Evil Triumphant
“I salvaged Natch herself. I sensed her distress and actually had some of my people whisk her body away before she was dead.” She looked at me through Natch’s blue eyes, but in a way Natch had never looked at me. “I thought it would be suitable to wear a familiar face to greet you on your waking.”
I frowned. “Natch is not dead?”
“By no means — she was too faithful and loyal, unconsciously so, that I would not let her die.” The Empress of Diamonds gave me a smile that almost seemed right. “I salvaged her once before, though she never knew it, because I used Coyote as my agent to save her. As I am a carbon-based life form too, slipping in and using her body is not at all difficult. I often used her to communicate with Coyote directly.”
“And you used her to salvage Bat?”
“My aspect is salvage, not disaster relief.” She left her left index finger trace the line of my jaw. “Coyote was willing to work with me to oppose Fiddleback because he knew I would and could only exert power after another Dark Lord had brought something to ruination. Having enough power to conquer and despoil the Earth would be more than enough needed to destroy me, preventing me from bringing my plans to fruition, so we had an alliance born in a common enemy.”
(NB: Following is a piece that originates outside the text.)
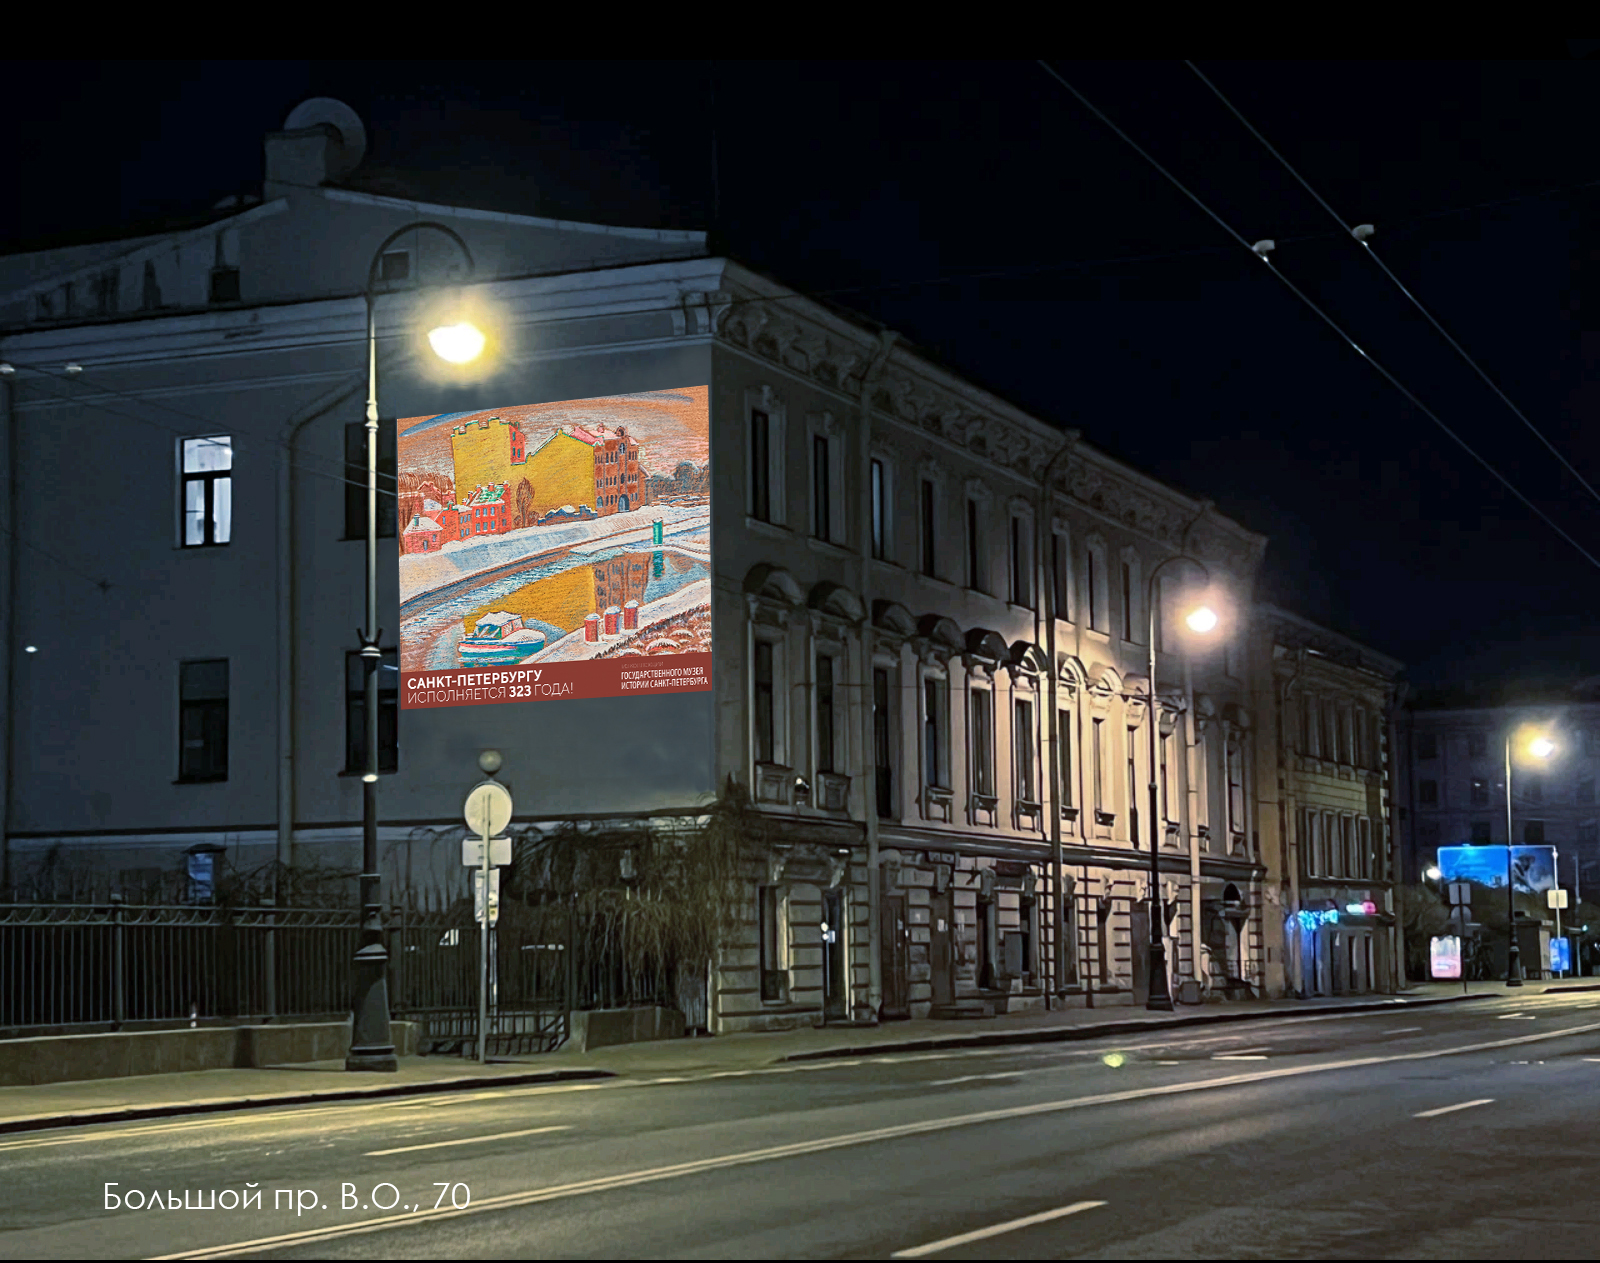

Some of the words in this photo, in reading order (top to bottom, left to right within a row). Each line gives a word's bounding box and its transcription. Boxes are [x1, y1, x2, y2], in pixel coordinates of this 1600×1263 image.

I smiled slowly. “So, why are you here? Am I salvage?”
The Empress of Diamonds turned Natch’s body away from me in a coy move that would have embarrassed Natch to death. “No, but I am interested in salvaging my alliance with Coyote.”
“I see.” I leaned back, posting my arms against the top of the bier. “You know Coyote did not trust you. The first thing I did in playing the elaborate charade he arranged for me was to destroy one of your Reaper outfits.”
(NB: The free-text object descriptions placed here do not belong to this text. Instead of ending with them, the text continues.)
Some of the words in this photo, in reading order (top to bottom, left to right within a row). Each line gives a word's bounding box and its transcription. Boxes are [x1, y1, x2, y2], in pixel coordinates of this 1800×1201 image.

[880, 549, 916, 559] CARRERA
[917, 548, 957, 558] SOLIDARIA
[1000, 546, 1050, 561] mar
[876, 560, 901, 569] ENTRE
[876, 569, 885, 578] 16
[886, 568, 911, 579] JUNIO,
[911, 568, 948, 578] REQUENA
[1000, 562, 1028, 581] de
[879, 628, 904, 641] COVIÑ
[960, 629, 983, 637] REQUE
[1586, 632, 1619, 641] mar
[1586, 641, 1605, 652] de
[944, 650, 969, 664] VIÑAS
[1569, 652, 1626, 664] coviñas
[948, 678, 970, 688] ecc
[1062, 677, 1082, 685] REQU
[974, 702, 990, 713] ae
She shot me an amused glance over her right shoulder. “He always did begrudge me that little inroad into Earth, but I take my power where I can get it. Your effort was damaging, but not very significant and pales in comparison with the rampage Bat has been on to find those who took Natch’s body. Your attack did, however, draw my attention to your competence. Coyote chose you well.”
I stared at the valley between her shoulderblades. “He wanted a weapon to use against Fiddleback. Is that what you want?”
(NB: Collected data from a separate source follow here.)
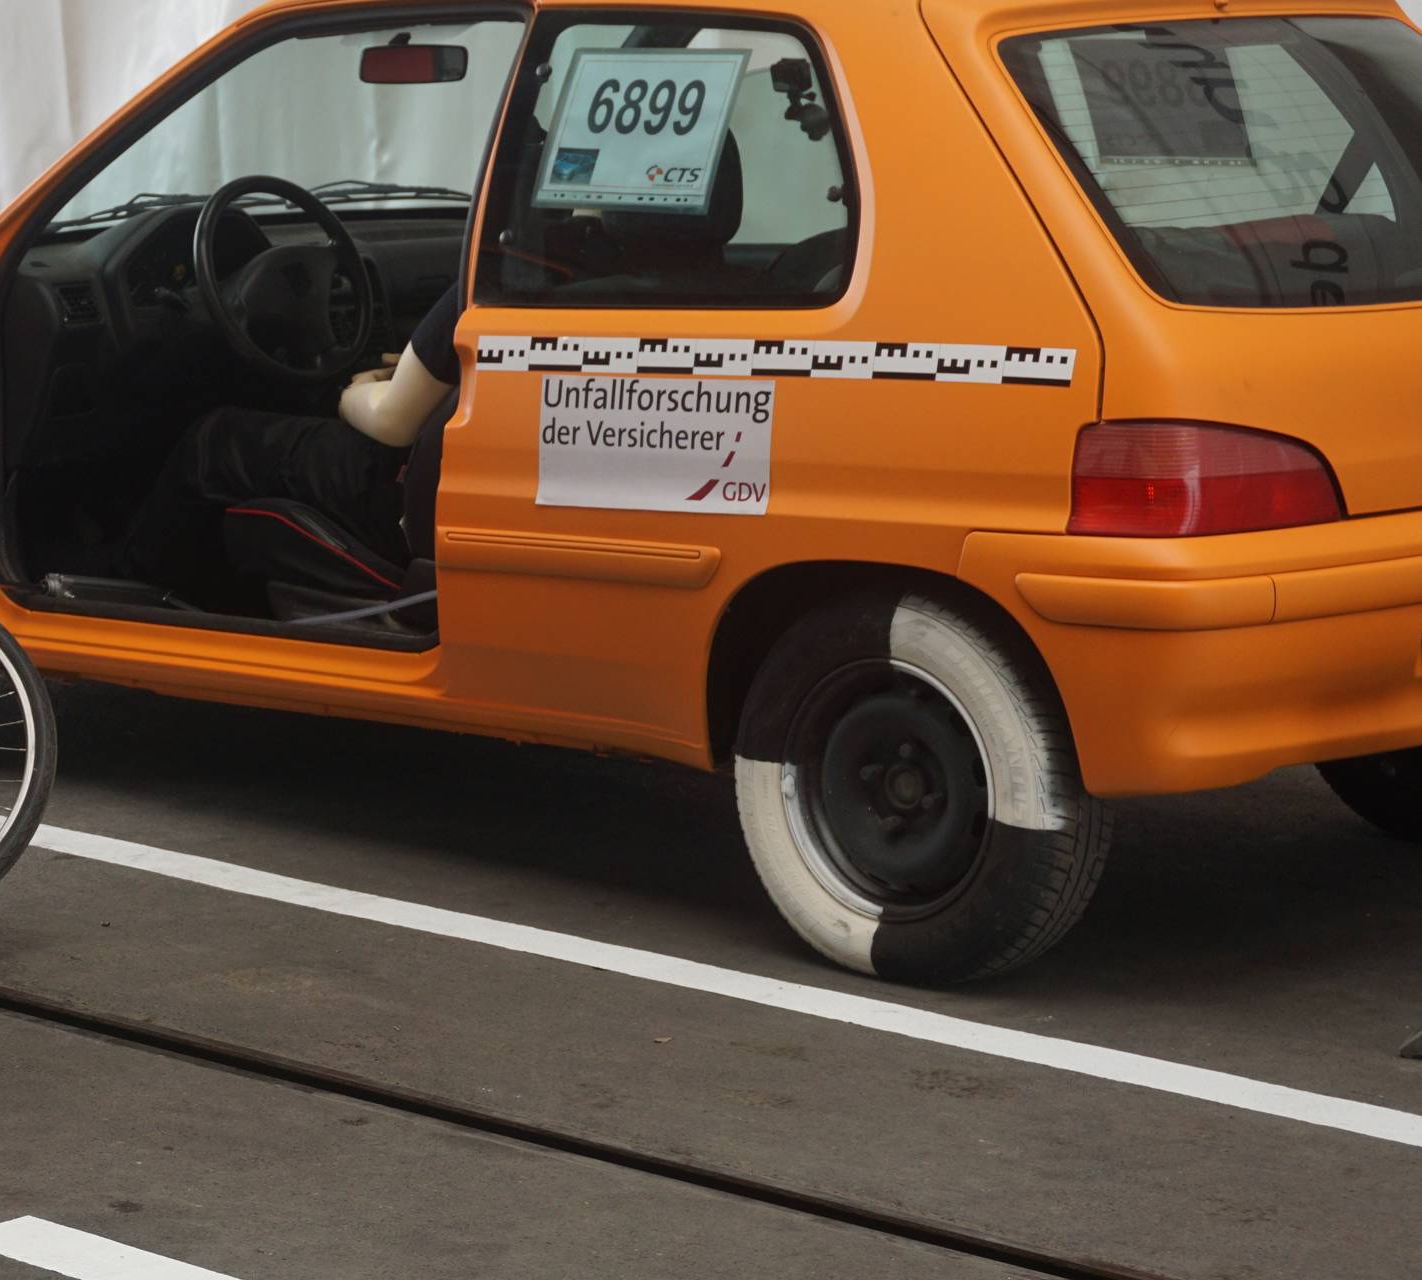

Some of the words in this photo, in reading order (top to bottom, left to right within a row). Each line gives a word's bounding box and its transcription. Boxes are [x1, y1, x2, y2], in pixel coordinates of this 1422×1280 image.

[587, 78, 706, 136] 6899
[664, 167, 701, 183] CTS
[544, 378, 771, 424] Unfallforschung
[542, 416, 580, 445] der
[586, 419, 725, 451] Versicherer
[722, 481, 766, 503] GDV
“I could settle for that, but I think I want something more of you than did your predecessor.” She turned full around, and intensity flooded her blue eyes. “I would make you my consort: a full and equal companion for me.” She brought her hands together, then opened them again, conjuring a neck torque formed of diamond.
The torque drifted toward me and I felt an almost overwhelming desire to bare my throat to its touch. I could feel the power radiating off it. Accepting it would make me a Dark Lord just like her. We both knew I had been groomed by Fiddleback to become a Dark Lord, so handling the power was not a problem. All I had to do was to accept what she offered.
In concert with her, I knew no Dark Lord could stand against us. Trained to be an assassin, with the synthesizing aspect of my creator, I could meld together creatures to form an invincible army. My Empress would be able to salvage the best of the enemies we defeated, and I would cast them in new molds. With each conquest we would grow stronger and stronger until nothing could withstand our assaults. I could annihilate everything, destroying the universe, and she could remake it in whatever image suited us.
If we tired of it, if it ever bored us, we could begin the process all over again. It would be the ultimate quickening of the cycle of life and death, through our power, to our glorification. And all it would take was my willing acceptance of the power she offered.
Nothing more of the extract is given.